Montgomery County Society for the Prevention of Cruelty to Animals v. Bennett-Blue

681 N.Y.S.2d 106 | N.Y. App. Div. | 1998

Spain, J.

Appeal from an order of the Supreme Court (Best, J.), entered October 25, 1996 in Montgomery County, which, inter alia, awarded permanent custody of defendants’ animals to plaintiff.

On May 18, 1994, plaintiff and the Fulton County Sheriffs Department responded to numerous complaints that defendant Juliana Bennett-Blue (hereinafter defendant) was confining animals on her premises and under her control in a cruel and inhumane manner. Plaintiff and the Sheriffs Department raided defendant’s farm, located in the Town of Perth, Fulton County, and found 148 live animals and numerous decomposing animal bodies; many of the animals found alive were severely malnourished and approximately 34 animals had to be immediately destroyed. The Sheriff s Department seized the remaining animals and placed them in plaintiffs custody and defendant was charged, in violation of Agriculture and Markets Law §§ 353 and 356, with several misdemeanor counts of cruelty to animals.

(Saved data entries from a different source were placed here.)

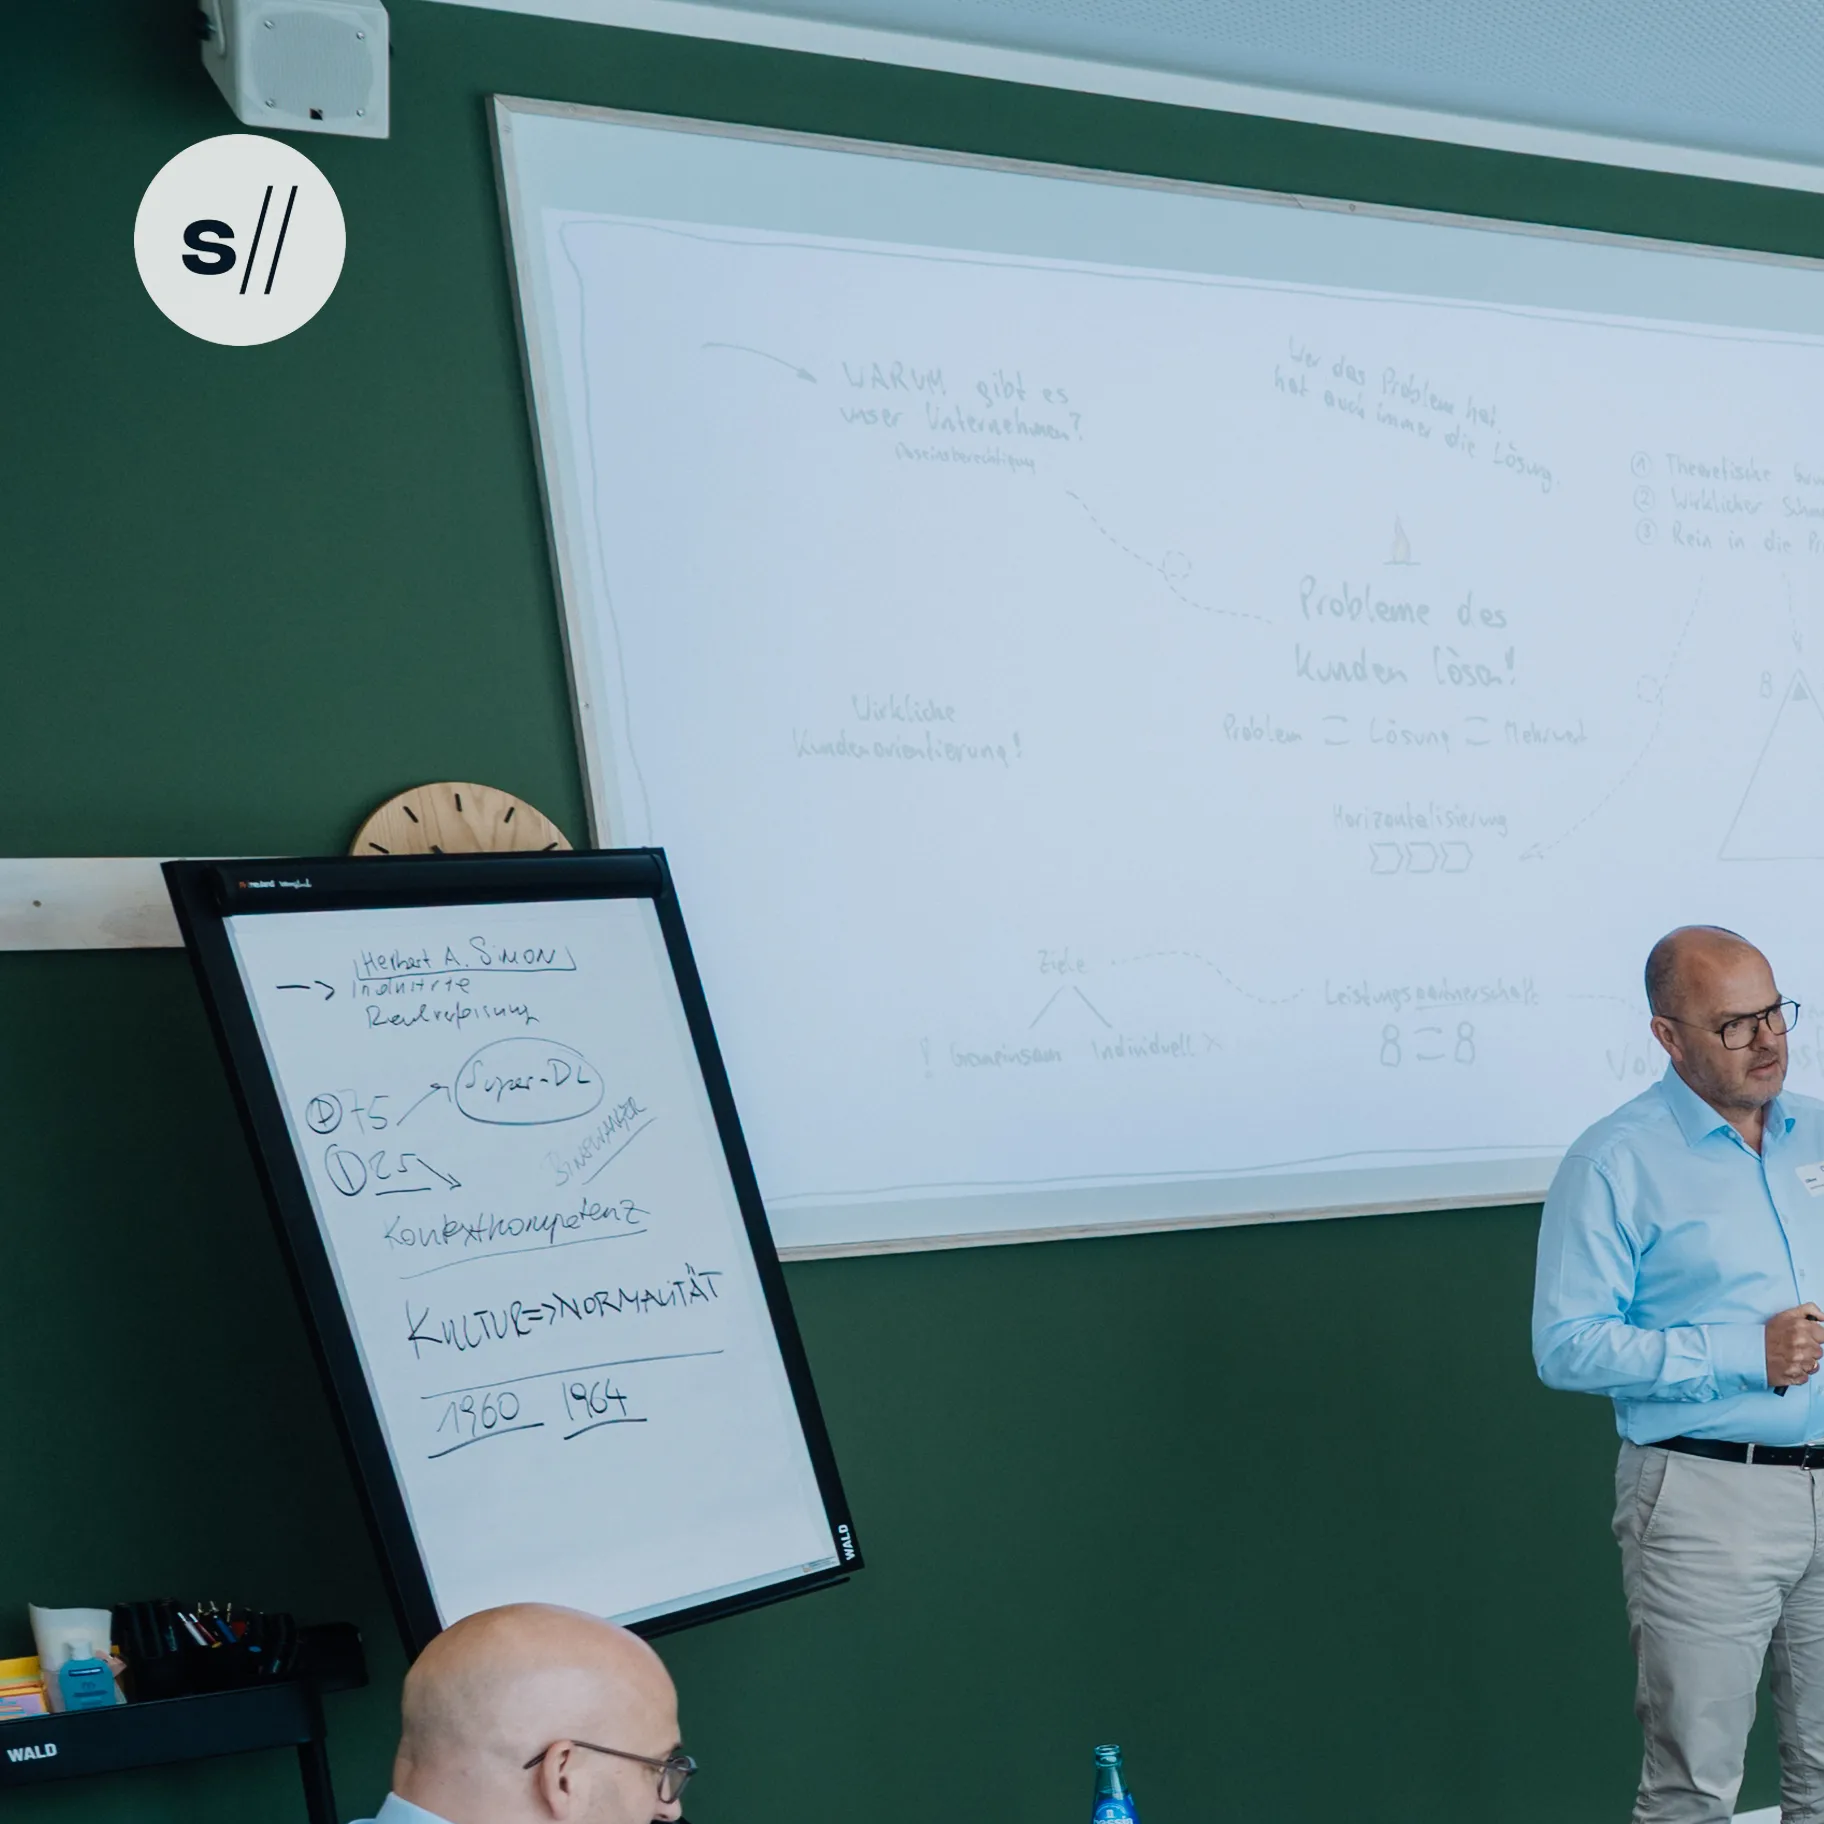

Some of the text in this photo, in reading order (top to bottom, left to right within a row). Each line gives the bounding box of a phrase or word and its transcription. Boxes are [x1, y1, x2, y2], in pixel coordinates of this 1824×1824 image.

[976, 369, 1027, 408] gibt
[1042, 387, 1069, 405] es
[1376, 402, 1432, 439] immer
[1445, 424, 1477, 459] die
[1672, 520, 1713, 549] Rein
[1728, 530, 1745, 551] in
[1764, 530, 1792, 554] die
[1299, 575, 1507, 629] Probleme des
[1295, 643, 1408, 684] Kunden
[1223, 713, 1302, 743] Problem
[562, 1378, 628, 1422] 1964
[838, 1524, 856, 1561] WALD
[6, 1743, 58, 1764] WALD

Thereafter, in accordance with a plea agreement, defendant entered an Alford plea to a violation of Agriculture and *706Markets Law § 369, interference with officers, and was sentenced to a period of probation. The terms of probation included, inter alia, monthly monitoring of defendant by licensed veterinarians for one year and, further, that the animals seized, except those adopted out to other families, would be returned to her. The plea and sentence agreement was reduced to writing and executed by defendant, her attorney, an Assistant District Attorney and the Town Justice; significantly, a representative of plaintiffs organization did not sign the agreement. Subsequently, plaintiff commenced this action pursuant to Agriculture and Markets Law § 373 seeking, inter alia, permanent custody of the seized animals. After a nonjury trial, Supreme Court granted plaintiff custody of the animals and confirmed placement in the animals’ adoptive homes. Defendant appeals.

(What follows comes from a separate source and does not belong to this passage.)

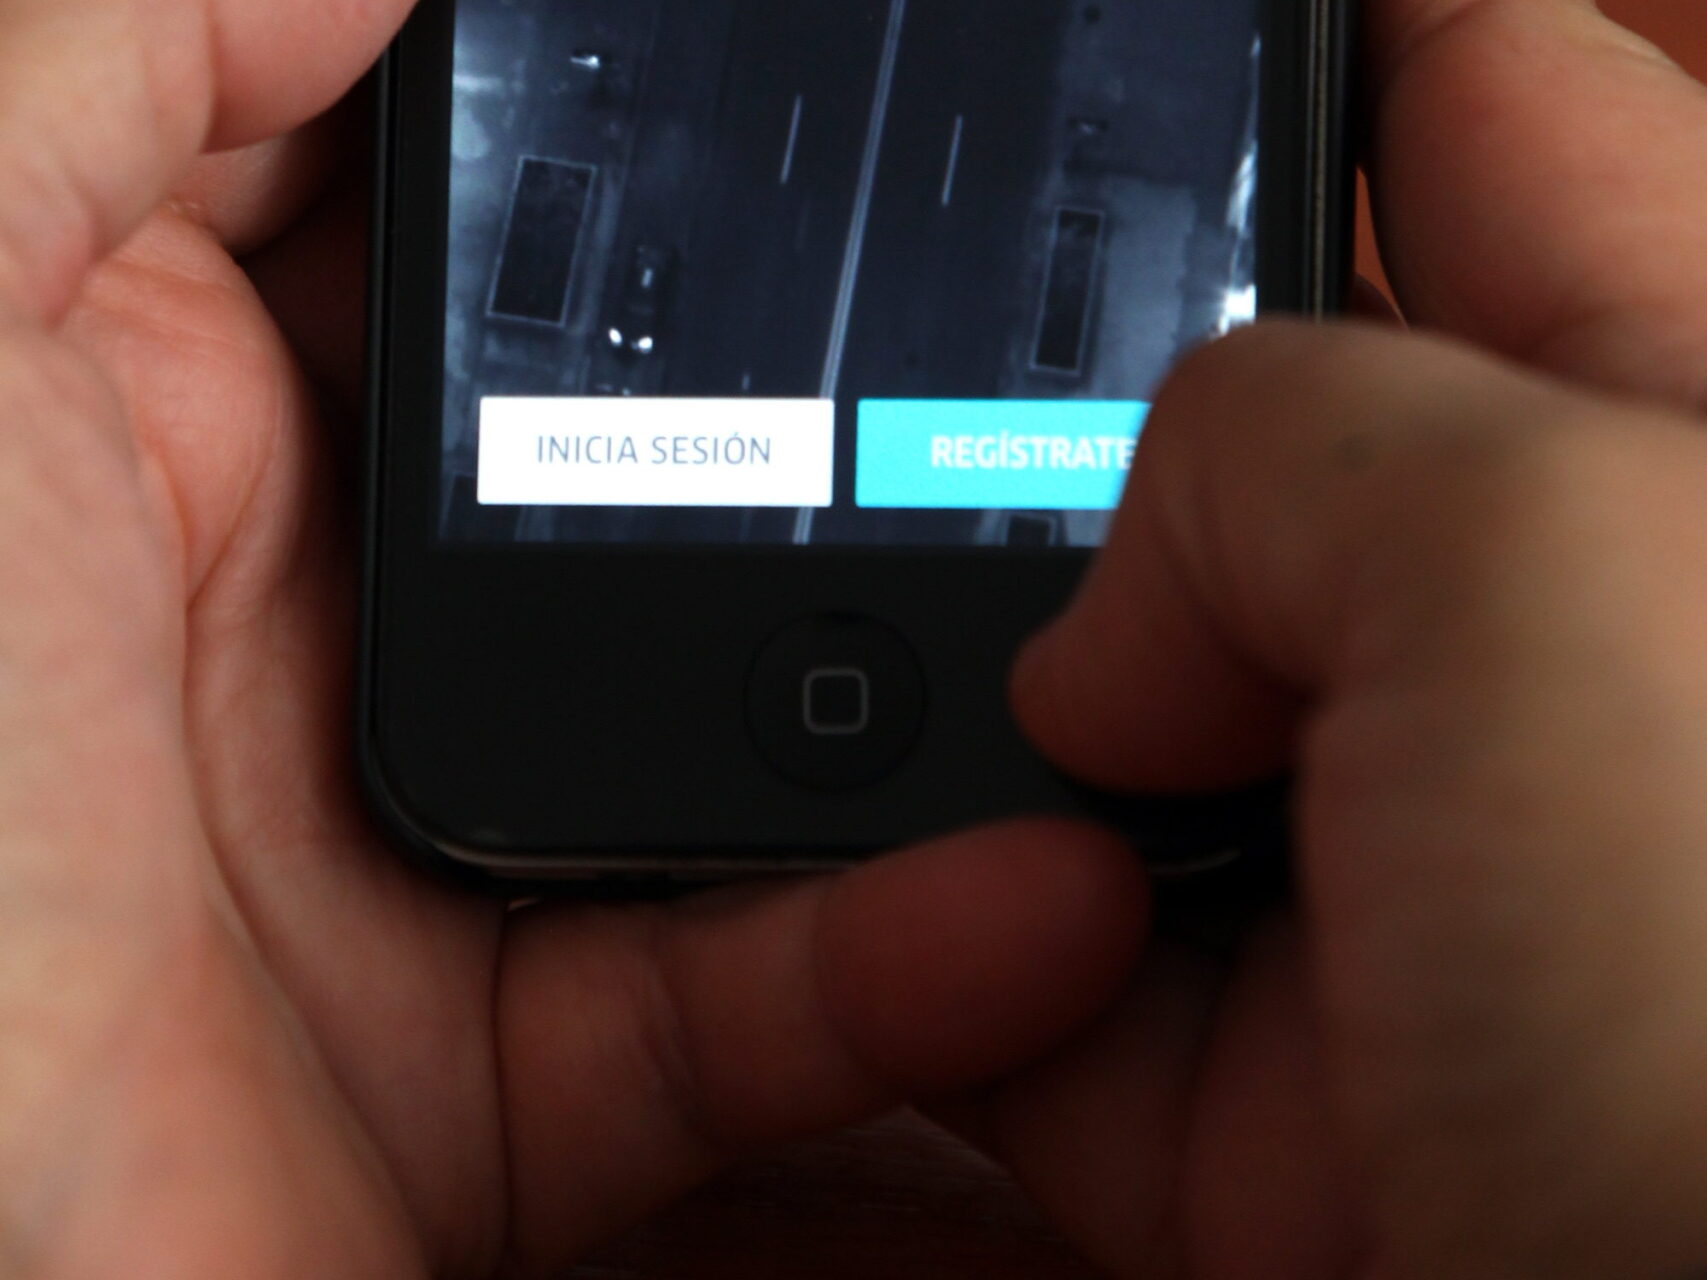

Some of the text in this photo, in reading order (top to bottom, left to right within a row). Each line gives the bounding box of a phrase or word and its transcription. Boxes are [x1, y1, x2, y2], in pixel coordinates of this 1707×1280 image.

[536, 431, 772, 466] INICIA SESIÓN
[929, 429, 1138, 470] REGÍSTRATE

We affirm. Initially, we conclude that plaintiff had standing to bring this action. Pursuant to Agriculture and Markets Law § 373 (2), plaintiff is authorized to lawfully take into its possession an animal which has been “confined or kept in a crowded or unhealthy condition or in unhealthful or unsanitary surroundings or not properly cared for or without necessary sustenance, food or drink”. Defendant’s assertion that this statutory provision conveys a temporary remedy rather than a permanent remedy is unavailing; such an interpretation would severely limit plaintiffs stated objective of attempting to prevent cruelty to animals. Agriculture and Markets Law § 373 does not set forth any procedure for the return of animals. Conversely, Agriculture and Markets Law § 374 conveys authority upon any agent or officer of the American Society for the Prevention of Cruelty to Animals to humanely destroy any animal that has been abandoned and not properly cared for and further, Agriculture and Markets Law § 374 (2) conveys authority upon said agent or officer to humanely destroy an animal already in its lawful possession. We agree with Supreme Court that when Agriculture and Markets Law §§ 373 and 374 are read together, it is clear that plaintiff had standing to commence this type of action as well as the authority to seek permanent custody of the animals it seized from defendant, regardless of the criminal proceedings or the plea bargain (see, County of Albany v American Socy. for Prevention of Cruelty to Animals, 112 Misc 2d 829, 830).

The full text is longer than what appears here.